The first facet of the film is about Mac Radner (Seth Rogen) struggling with being an adult–a role that is a mainstay of his career. In what is basically a continuation of “Knocked Up,” Mac has a wife, baby, and an office job. Both he and his wife Kelly, played by Rose Byrne, struggle with the reality of being grown-ups and having to be responsible for the first time in their lives.
The second part is a college frat movie, starring Zac Efron as the stereotypical frat president Teddy Sanders and Dave Franco as his lackey vice president Pete. They take brotherhood very seriously, and frat comes before all else. It’s their last year in college, and thus, it is time to “rage” as hard as possible every night.

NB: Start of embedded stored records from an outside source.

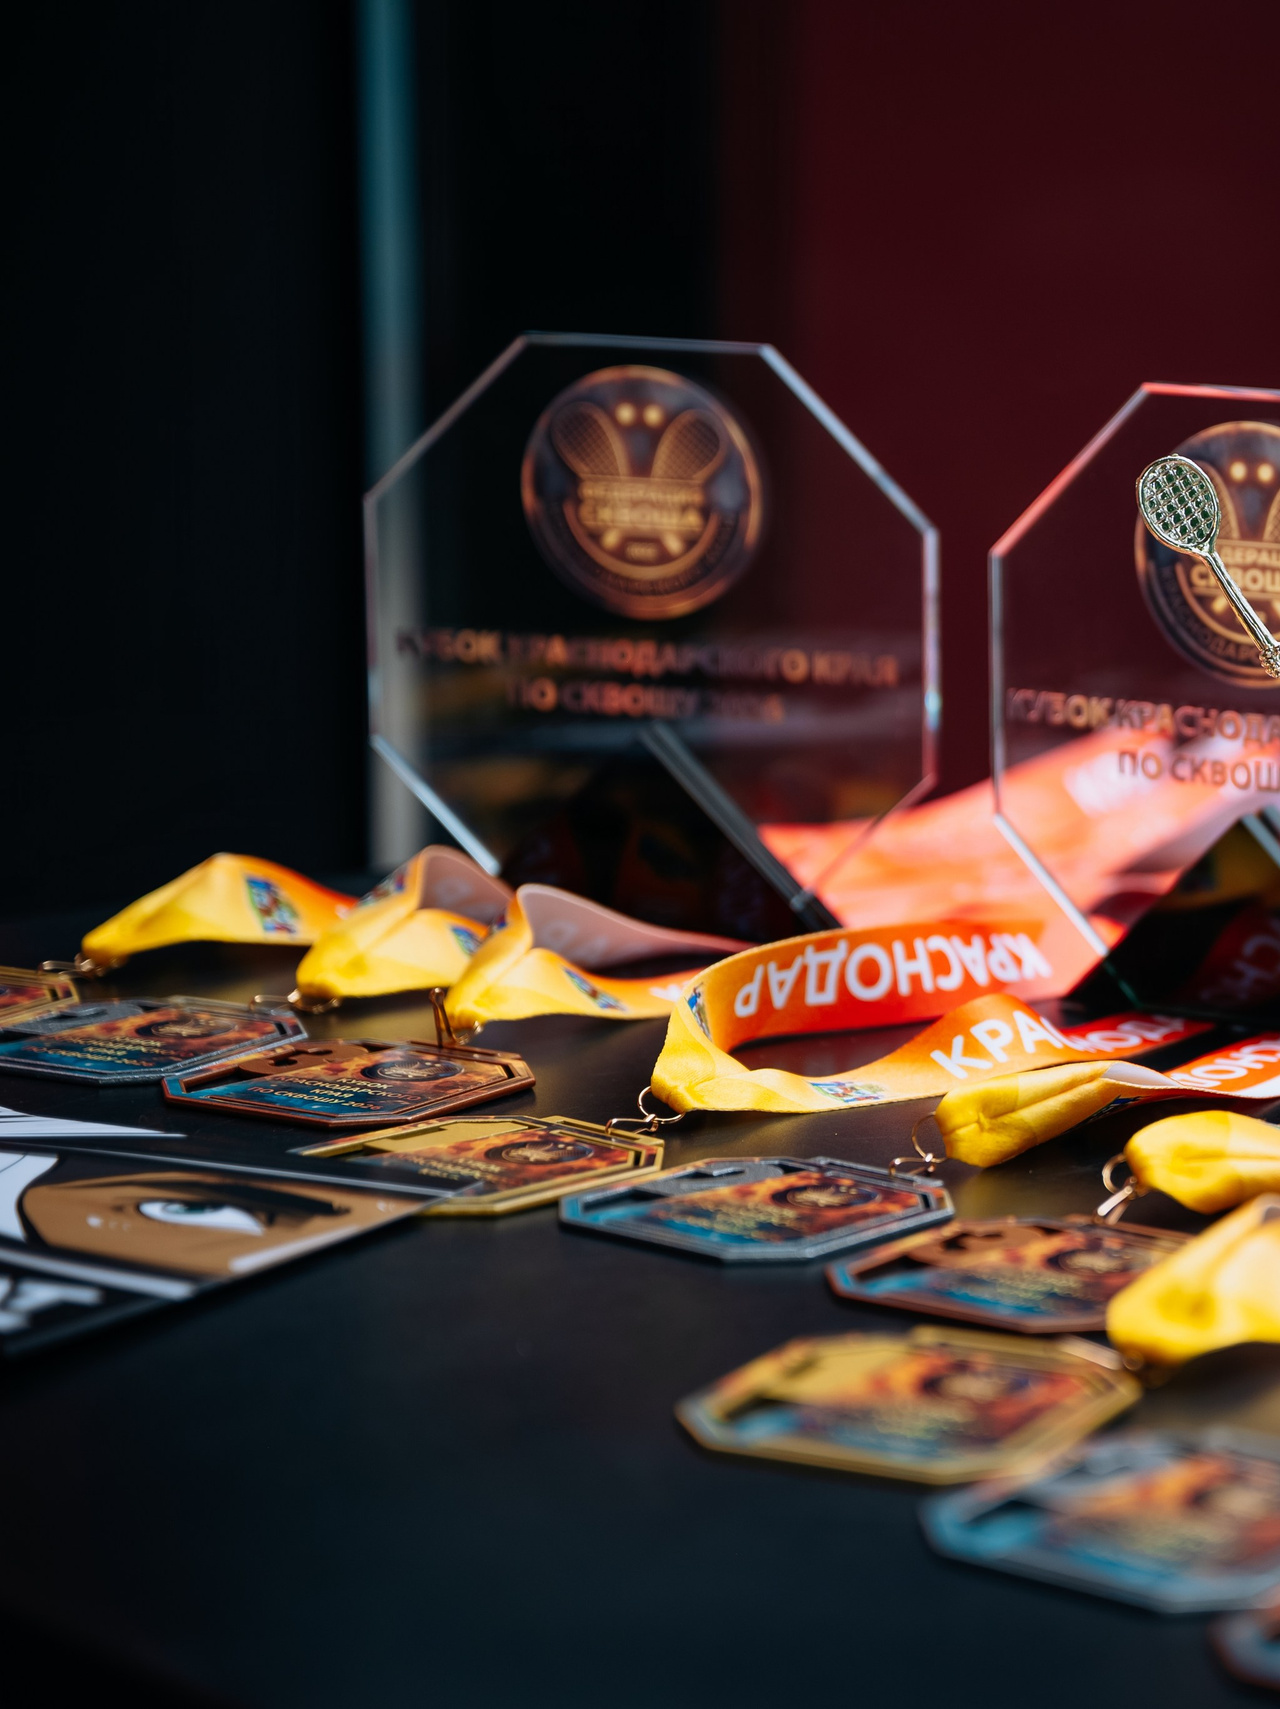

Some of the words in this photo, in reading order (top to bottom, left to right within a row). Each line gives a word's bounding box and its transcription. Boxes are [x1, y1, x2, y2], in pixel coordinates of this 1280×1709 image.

[1119, 748, 1162, 780] ПО
[734, 932, 1053, 1018] КРАСНОДАР
[248, 1086, 275, 1094] ПО
[276, 1089, 343, 1104] СКВОШУ
[342, 1100, 383, 1111] 2026
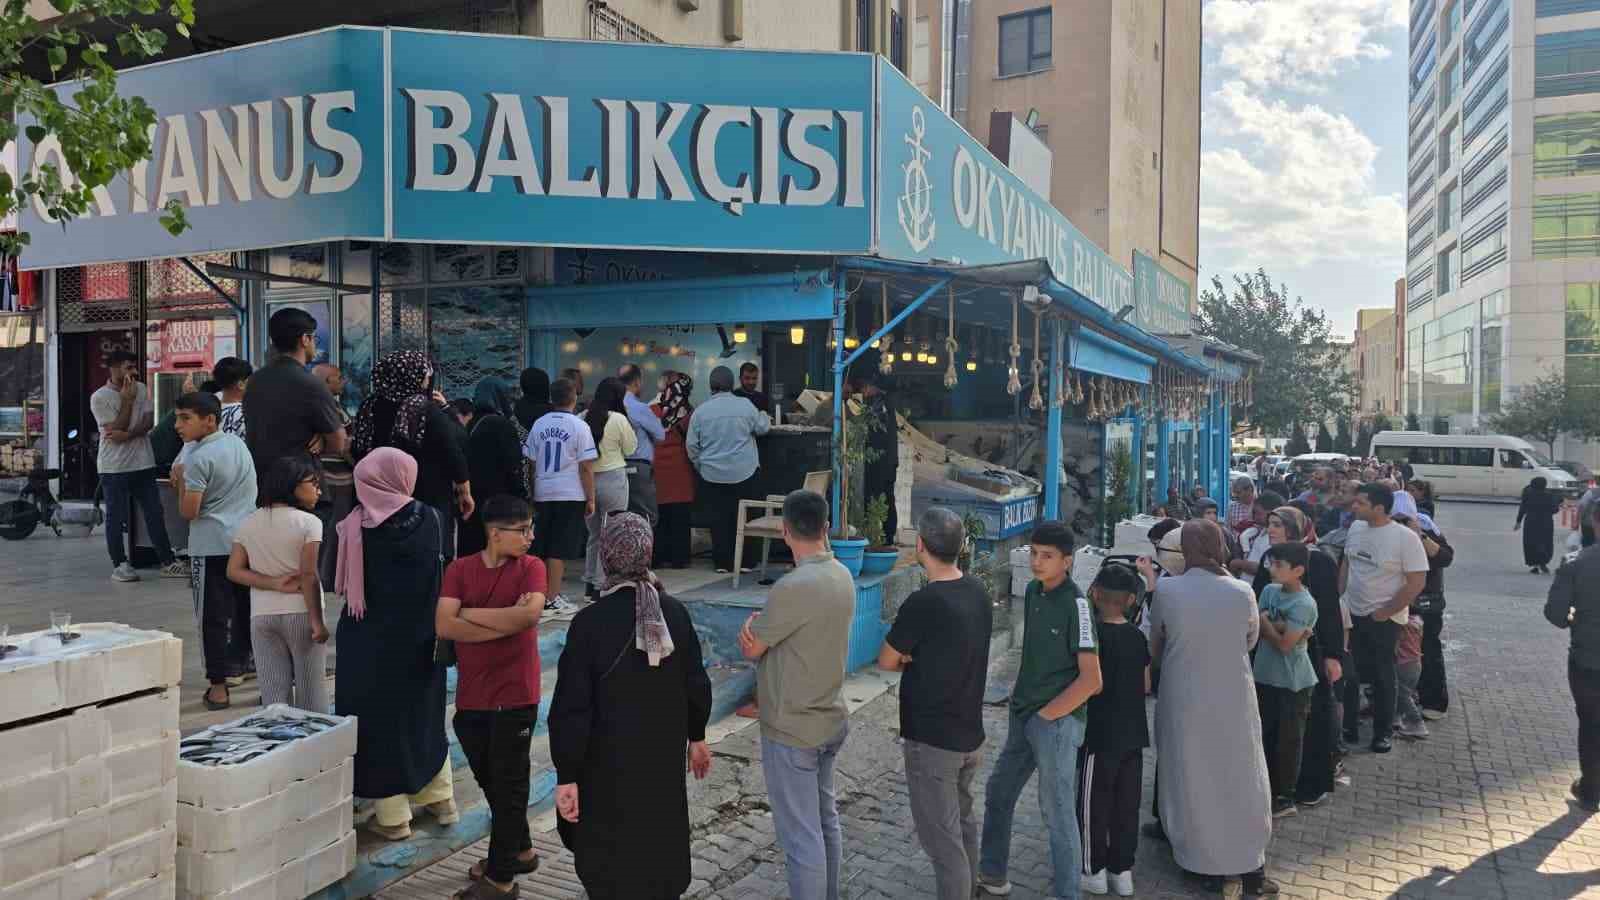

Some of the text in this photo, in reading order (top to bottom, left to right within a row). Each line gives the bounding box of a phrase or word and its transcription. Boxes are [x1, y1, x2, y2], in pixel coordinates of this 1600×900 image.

[398, 88, 865, 216] BALIKÇISI
[953, 144, 1068, 284] OKYANUS
[167, 336, 208, 352] KASAP
[544, 441, 562, 472] 11
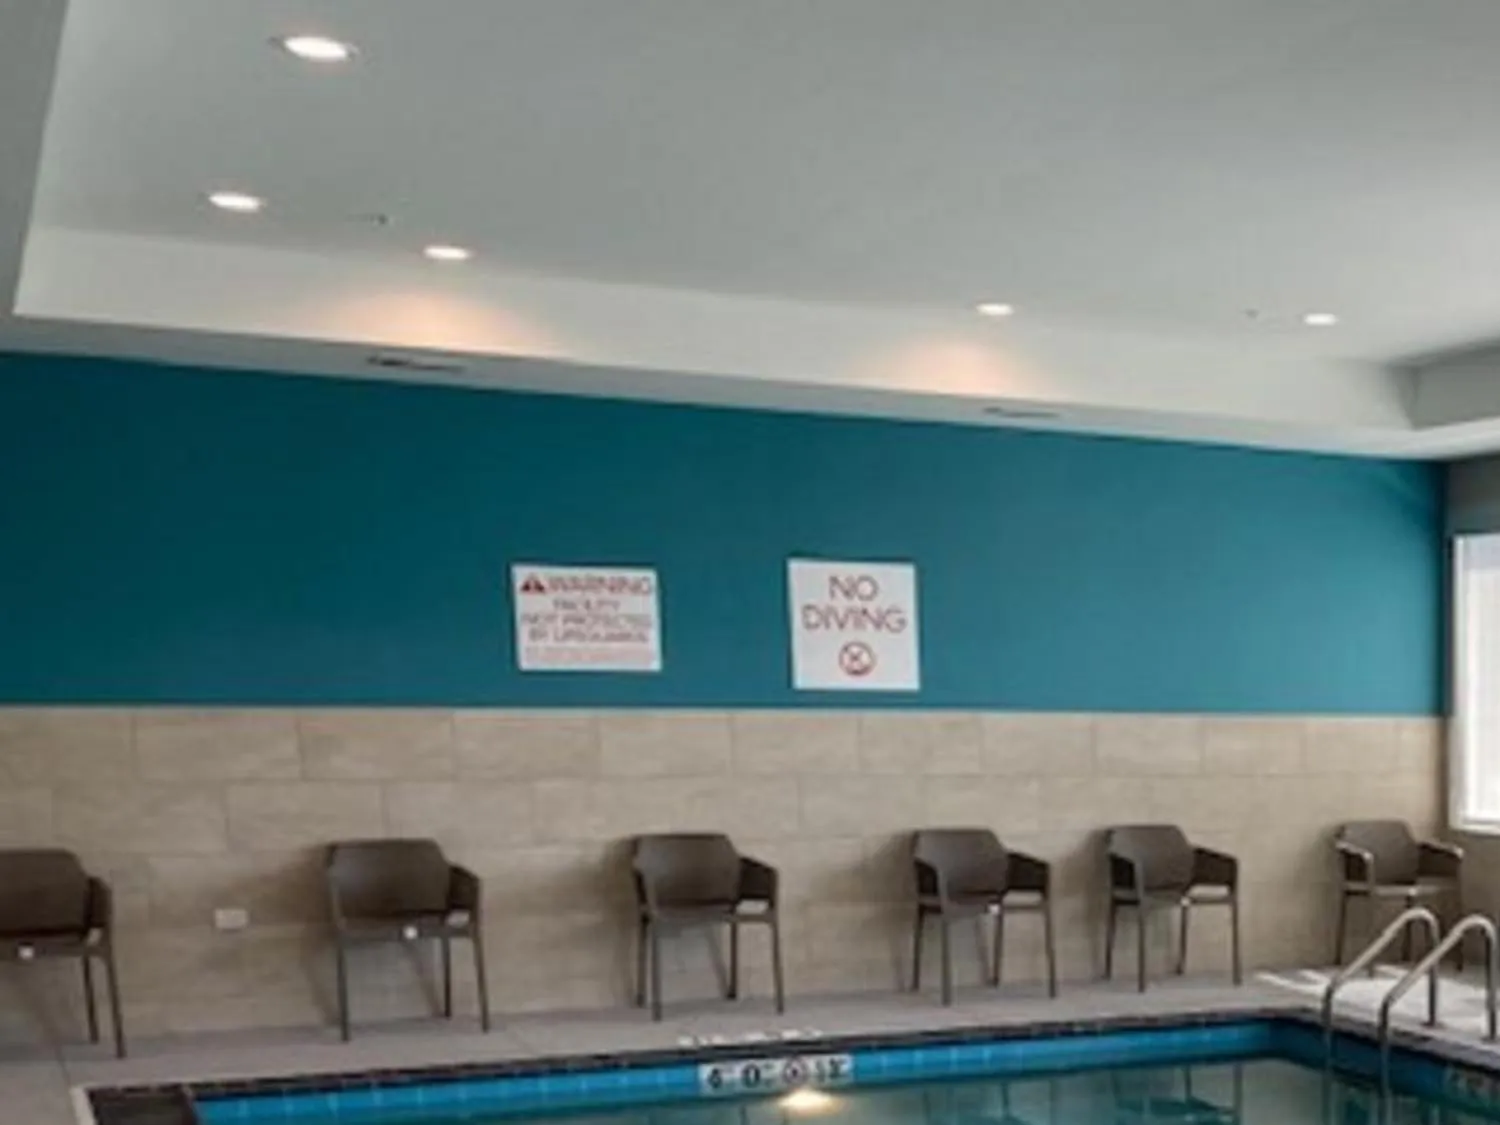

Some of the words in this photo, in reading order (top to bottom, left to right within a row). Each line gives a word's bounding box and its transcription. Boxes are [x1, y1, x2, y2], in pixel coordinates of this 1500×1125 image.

[548, 575, 652, 595] WARNING
[829, 575, 878, 601] NO
[802, 604, 907, 633] DIVING
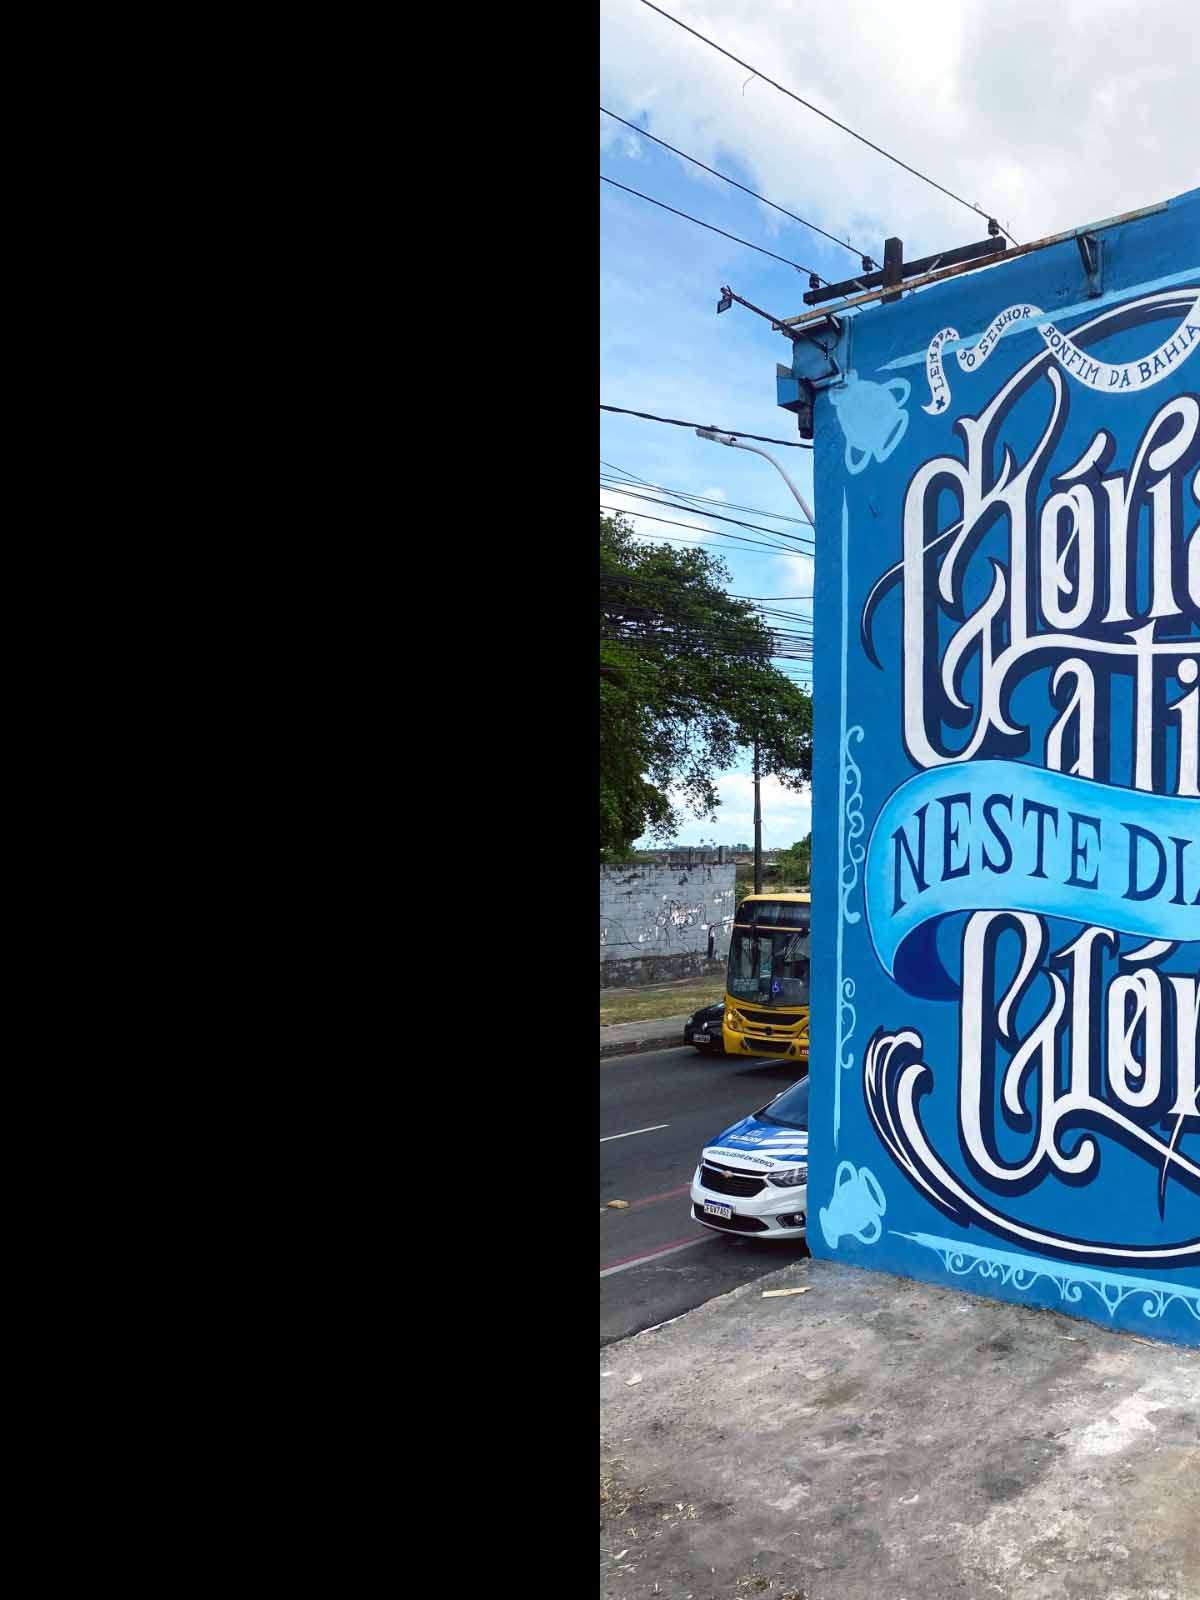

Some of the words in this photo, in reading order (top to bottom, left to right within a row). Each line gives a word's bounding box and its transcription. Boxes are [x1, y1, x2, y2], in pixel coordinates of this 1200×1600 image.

[978, 306, 1031, 356] SENHOR
[1044, 326, 1100, 385] BONFIM
[1107, 369, 1131, 388] DA
[890, 791, 1102, 918] NESTE
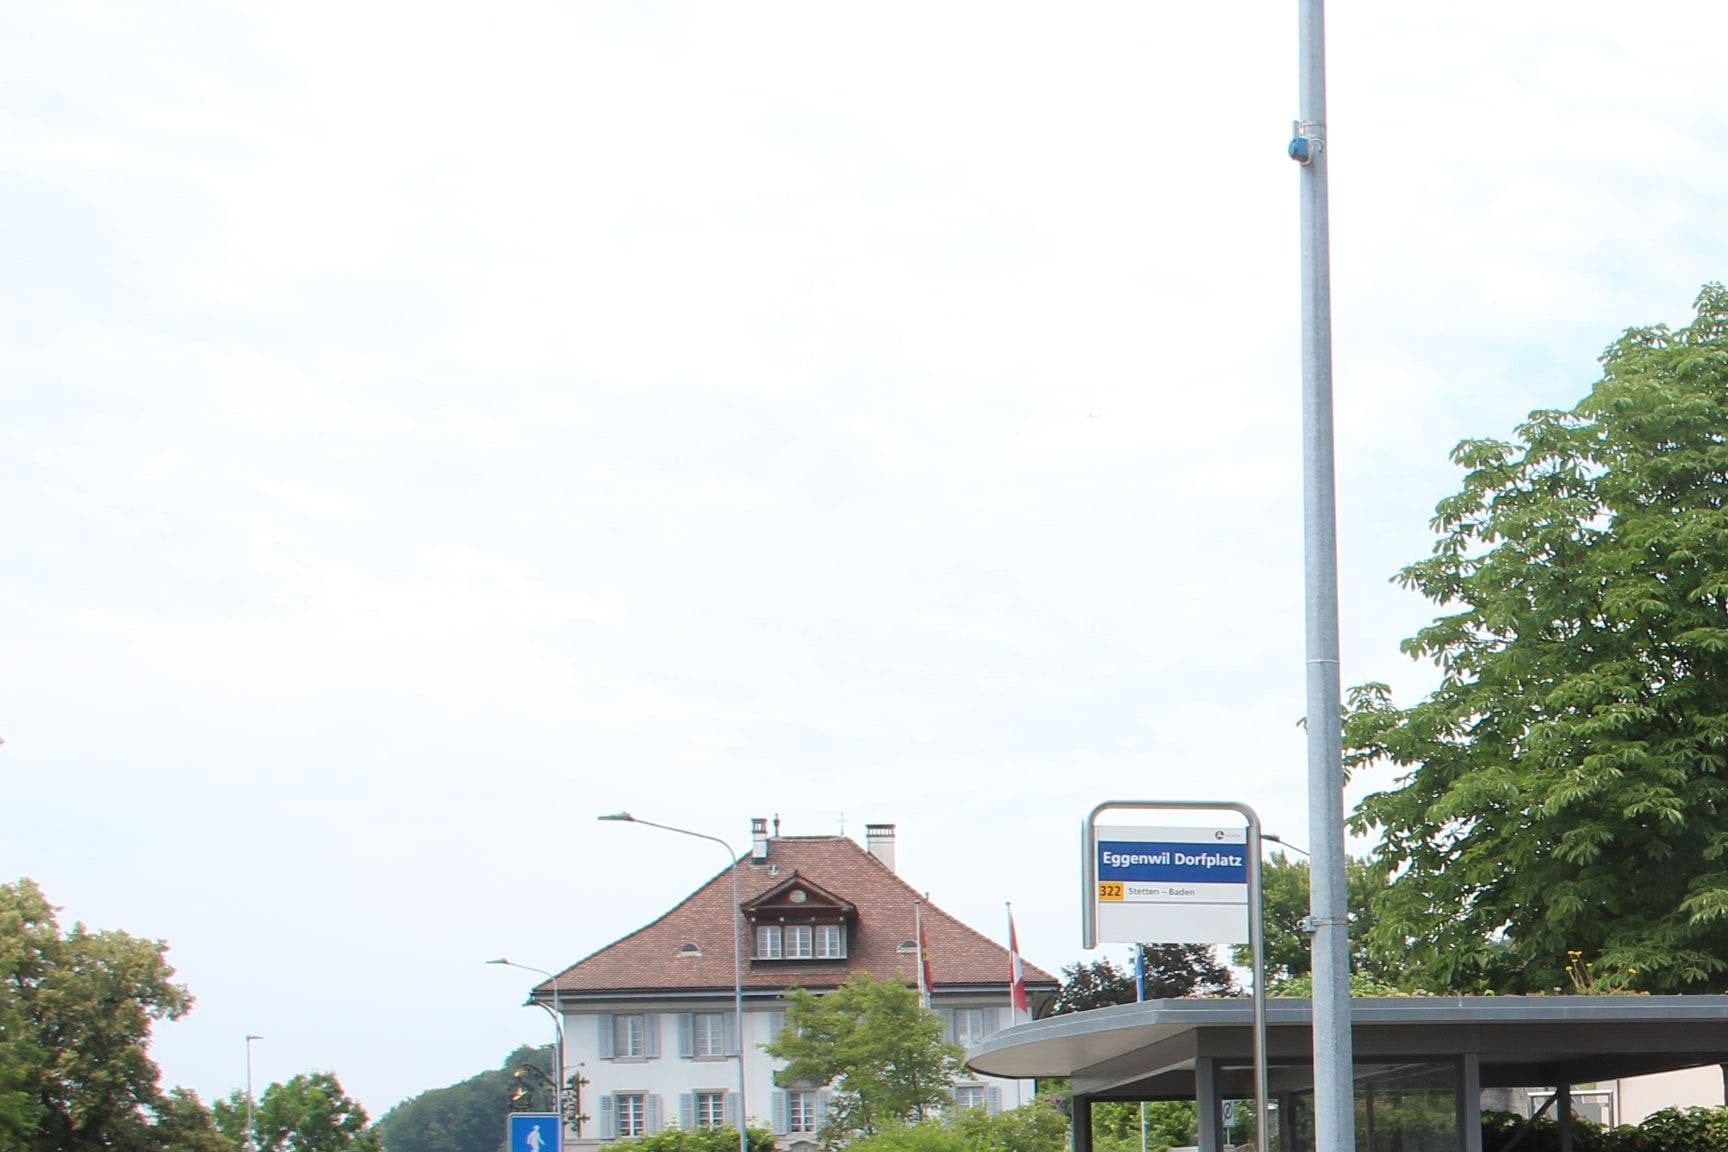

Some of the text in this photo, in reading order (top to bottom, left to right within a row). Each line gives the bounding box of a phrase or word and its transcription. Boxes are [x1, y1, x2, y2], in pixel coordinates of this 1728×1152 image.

[1103, 851, 1242, 868] Eggenwil Dorfplatz
[1100, 886, 1121, 896] 322

The third part encapsulates what happens when these two worlds collide. After the fraternity settles next door, Mac and Kelly want to prove they are cool neighbors. They do their best to withstand the constant parties, but eventually call the police, despite their promise not to, and inadvertently start an all-out prank war.
Rogen does a good job playing what I can only assume is himself as a pothead doing his best to fulfill his minimal responsibilities. He works well with Byrne, who, despite the usual portrayal of gender roles, is not there to calm Mac down, and in fact often escalates his ridiculous behavior. Both seem comfortable in their roles as young parents in over their heads in a ludicrous situation.
Efron plays his role as a stereotype well. Written to be every adult’s imagination of the perfect frat star, he does just that, including spending the majority of his screen time shirtless. His fraternity compatriots include Christopher Mintz-Plasse, who will never live up to his debut role in “Superbad” as McLovin but does a fine job in a limited role here, and Dave Franco, famous for both “21 Jump Street” and being James Franco’s younger brother.
The movie itself bites off a little more than it should have, which leads to some pacing issues. They have to rush through some scenes, a few characters don’t get a chance to establish themselves, and not all of the plot makes sense–but then again comedy plots rarely do.
While some of the jokes are more uncomfortable than funny, namely a breast pumping joke that had half the audience looking away, most of the time “Neighbors” stays within the bounds of what you’d expect from “Project X” meets “Knocked Up.” It’s not quite on par with the Judd Apatow movies Rogen has done in the past, but it’s worth seeing if you’re a fan.
In the end, “Neighbors,” which hits theaters May 9, is a solid comedy with enough pot and yelling to remind you what Seth Rogen is all about. Throw in a plethora of dick jokes, party scenes, a ton of shirtless Zac Efron, and girl on girl action, and everyone is happy.